==== Exercise data ====

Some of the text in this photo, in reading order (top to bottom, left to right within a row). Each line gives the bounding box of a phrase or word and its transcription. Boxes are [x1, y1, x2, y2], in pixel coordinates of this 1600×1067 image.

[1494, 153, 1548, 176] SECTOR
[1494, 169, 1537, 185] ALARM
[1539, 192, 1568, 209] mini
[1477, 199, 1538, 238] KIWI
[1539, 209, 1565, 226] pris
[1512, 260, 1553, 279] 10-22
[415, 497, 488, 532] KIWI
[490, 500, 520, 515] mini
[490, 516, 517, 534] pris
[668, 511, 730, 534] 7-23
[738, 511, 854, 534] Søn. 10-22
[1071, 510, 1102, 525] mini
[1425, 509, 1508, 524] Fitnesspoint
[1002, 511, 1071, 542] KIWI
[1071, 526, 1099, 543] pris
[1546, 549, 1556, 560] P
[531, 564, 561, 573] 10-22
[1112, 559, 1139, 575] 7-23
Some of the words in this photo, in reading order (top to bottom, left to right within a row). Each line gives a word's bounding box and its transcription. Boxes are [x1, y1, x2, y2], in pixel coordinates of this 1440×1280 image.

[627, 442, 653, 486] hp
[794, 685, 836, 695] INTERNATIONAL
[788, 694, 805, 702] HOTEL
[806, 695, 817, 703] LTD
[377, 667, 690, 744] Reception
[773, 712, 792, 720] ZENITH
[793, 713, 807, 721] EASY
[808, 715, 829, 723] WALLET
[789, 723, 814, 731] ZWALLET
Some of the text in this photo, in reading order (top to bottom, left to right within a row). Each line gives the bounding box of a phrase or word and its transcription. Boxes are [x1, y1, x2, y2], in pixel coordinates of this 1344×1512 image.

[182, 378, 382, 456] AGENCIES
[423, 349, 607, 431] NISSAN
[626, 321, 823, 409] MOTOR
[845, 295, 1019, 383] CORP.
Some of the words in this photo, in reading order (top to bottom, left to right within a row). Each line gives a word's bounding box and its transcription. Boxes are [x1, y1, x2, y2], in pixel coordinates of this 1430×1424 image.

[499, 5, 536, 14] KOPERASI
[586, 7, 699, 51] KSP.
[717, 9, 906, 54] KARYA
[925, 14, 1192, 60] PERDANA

====

### Task
Please return the material above exactly as written.

### Written answer
Some of the text in this photo, in reading order (top to bottom, left to right within a row). Each line gives the bounding box of a phrase or word and its transcription. Boxes are [x1, y1, x2, y2], in pixel coordinates of this 1600×1067 image.

[1494, 153, 1548, 176] SECTOR
[1494, 169, 1537, 185] ALARM
[1539, 192, 1568, 209] mini
[1477, 199, 1538, 238] KIWI
[1539, 209, 1565, 226] pris
[1512, 260, 1553, 279] 10-22
[415, 497, 488, 532] KIWI
[490, 500, 520, 515] mini
[490, 516, 517, 534] pris
[668, 511, 730, 534] 7-23
[738, 511, 854, 534] Søn. 10-22
[1071, 510, 1102, 525] mini
[1425, 509, 1508, 524] Fitnesspoint
[1002, 511, 1071, 542] KIWI
[1071, 526, 1099, 543] pris
[1546, 549, 1556, 560] P
[531, 564, 561, 573] 10-22
[1112, 559, 1139, 575] 7-23
Some of the words in this photo, in reading order (top to bottom, left to right within a row). Each line gives a word's bounding box and its transcription. Boxes are [x1, y1, x2, y2], in pixel coordinates of this 1440×1280 image.

[627, 442, 653, 486] hp
[794, 685, 836, 695] INTERNATIONAL
[788, 694, 805, 702] HOTEL
[806, 695, 817, 703] LTD
[377, 667, 690, 744] Reception
[773, 712, 792, 720] ZENITH
[793, 713, 807, 721] EASY
[808, 715, 829, 723] WALLET
[789, 723, 814, 731] ZWALLET
Some of the text in this photo, in reading order (top to bottom, left to right within a row). Each line gives the bounding box of a phrase or word and its transcription. Boxes are [x1, y1, x2, y2], in pixel coordinates of this 1344×1512 image.

[182, 378, 382, 456] AGENCIES
[423, 349, 607, 431] NISSAN
[626, 321, 823, 409] MOTOR
[845, 295, 1019, 383] CORP.
Some of the words in this photo, in reading order (top to bottom, left to right within a row). Each line gives a word's bounding box and its transcription. Boxes are [x1, y1, x2, y2], in pixel coordinates of this 1430×1424 image.

[499, 5, 536, 14] KOPERASI
[586, 7, 699, 51] KSP.
[717, 9, 906, 54] KARYA
[925, 14, 1192, 60] PERDANA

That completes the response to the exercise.